Курт проводил взглядом торопливую фигуру дознавателя и медленно прошагал к постели, у которой Райзе, присев на корточки, осматривал руку умершего, приподняв ее двумя пальцами за запястье.
– Умер во сне, – сообщил сослуживец, поднимаясь. – Простыня не смята, пальцы не скорчены, подушка не сбита, лицо спокойно – не думаю, что он был в сознании. Следов отравления тоже не вижу – ни пятен, ни, опять же, ничего похожего на желудочные судороги или вообще какое-то напряжение; попросту уснул и не проснулся.
– Не странно ли? – нерешительно предположил Курт, глядя в остановившиеся глаза – взгляд умершего студента был безмятежным, и если б не матовый глянец белков и радужки, можно было подумать, что он вот-вот повернет голову и спросит, что делают в его комнате эти люди…
– Брось, академист, – возразил Райзе с невеселой усмешкой, отходя от постели и окидывая взглядом стены. – Младенцы в колыбелях умирают – просто не просыпаются однажды, и все, и не всегда в этом виновны повитухи-ведьмы, няньки-колдуньи и соседи-вервольфы.

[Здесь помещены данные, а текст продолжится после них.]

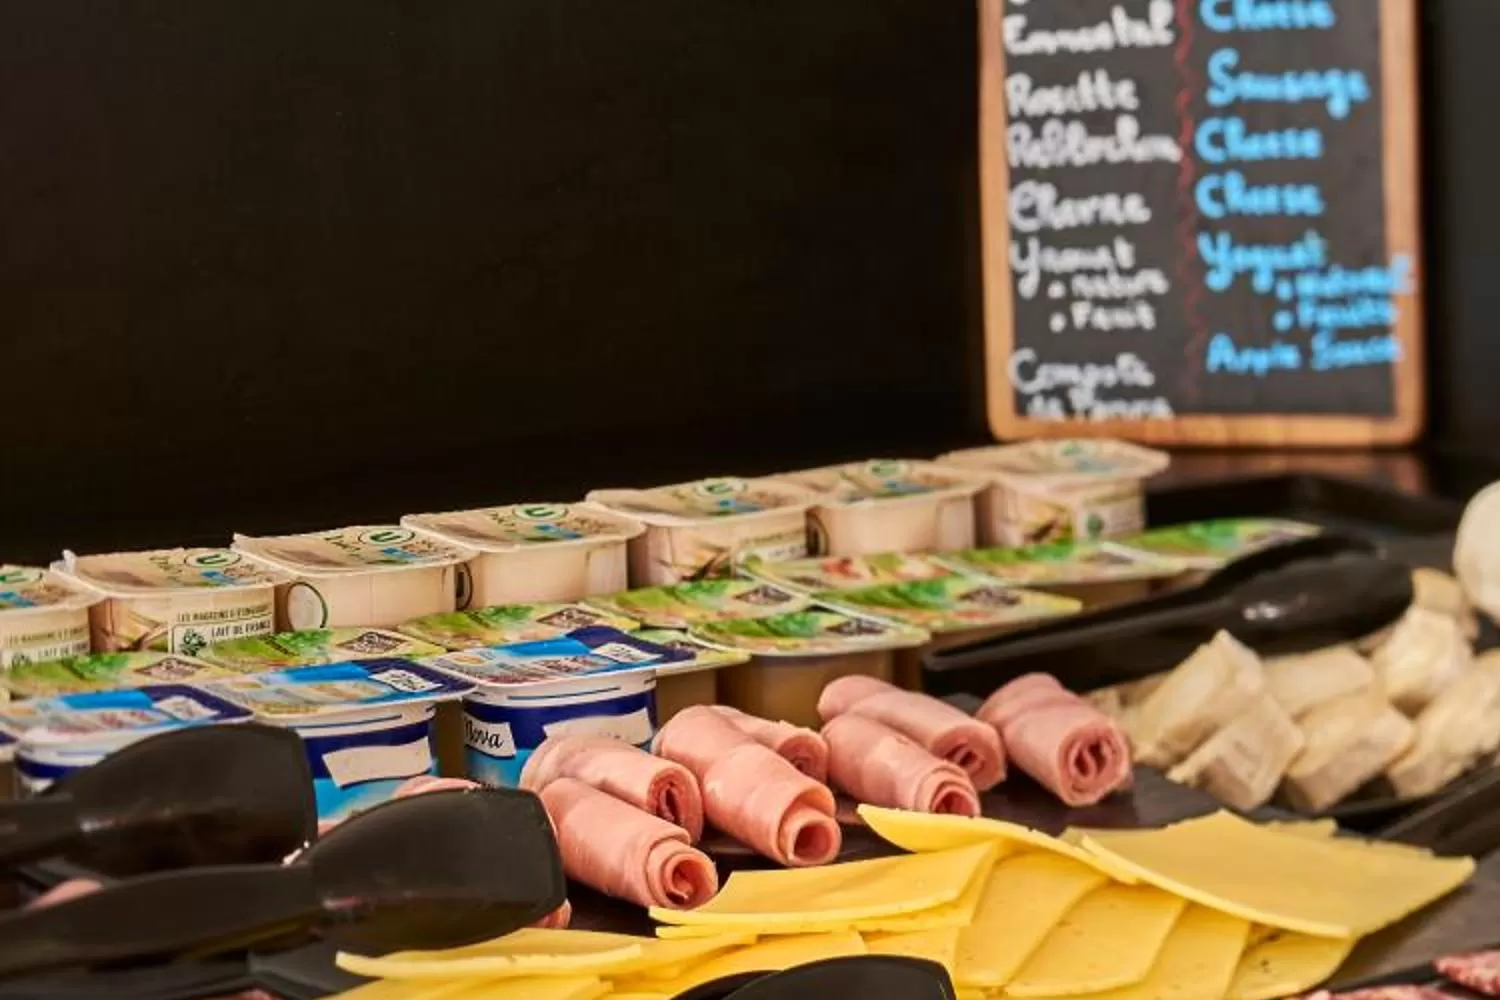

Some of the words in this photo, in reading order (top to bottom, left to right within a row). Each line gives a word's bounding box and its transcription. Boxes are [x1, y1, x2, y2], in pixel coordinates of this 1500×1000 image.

[1206, 48, 1371, 119] Sausage
[1195, 116, 1325, 163] Cheese
[1195, 170, 1325, 218] Cheese

Мы многого еще не знаем о человеческих слабостях, недугах и хворях.
– Я не говорю, что дело в ведьмах и колдунах… Густав, ведь, кроме ядов и насланной порчи, есть многое, от чего можно вот так не проснуться – к примеру сказать, снотворные настои, которые, если их перебрать…
– Комнату я уже осмотрел – никаких пузырьков, банок, склянок и прочей дребедени; предвижу твое возражение, что он мог принять это нечто вне дома, однако скажи на милость, зачем кому-то убивать студента столь изощренно? Проще подстроить поножовщину – это у них явление частое.
– Это… – Курт обернулся на хозяина дома, вслушивающегося в разговор следователей, и решительно качнул головой в сторону двери, чуть повысив голос: – Свободен.
Тот поднялся, с явным неудовольствием взглянув на студента, столь бесцеремонно и хитроумно избежавшего платы за прошедший месяц, и, тяжко вздыхая, поплелся в коридор.
– Это не аргумент, – продолжил свою мысль Курт, закрыв за хозяином дверь и вернувшись к постели с телом. – Могут убить свинопаса за то, что он узнал тайну короля, равно как и придворный может пострадать за тайну раба.
– Apte dictum[23], – кивнул Райзе. – Запишу где-нибудь. Только здесь ты вряд ли раскопаешь королевские тайны, академист; это просто студент, у которого (скорее всего – прав этот бездельник) были проблемы с сердцем. Случается. Знаешь, всякое бывает; бывает – старик семидесяти лет выдерживает неделю допроса с пристрастием, а бывает и так, что лишь покажешь молодому здоровому парню пару щипцов с иголками – и он испускает дух от остановки сердца…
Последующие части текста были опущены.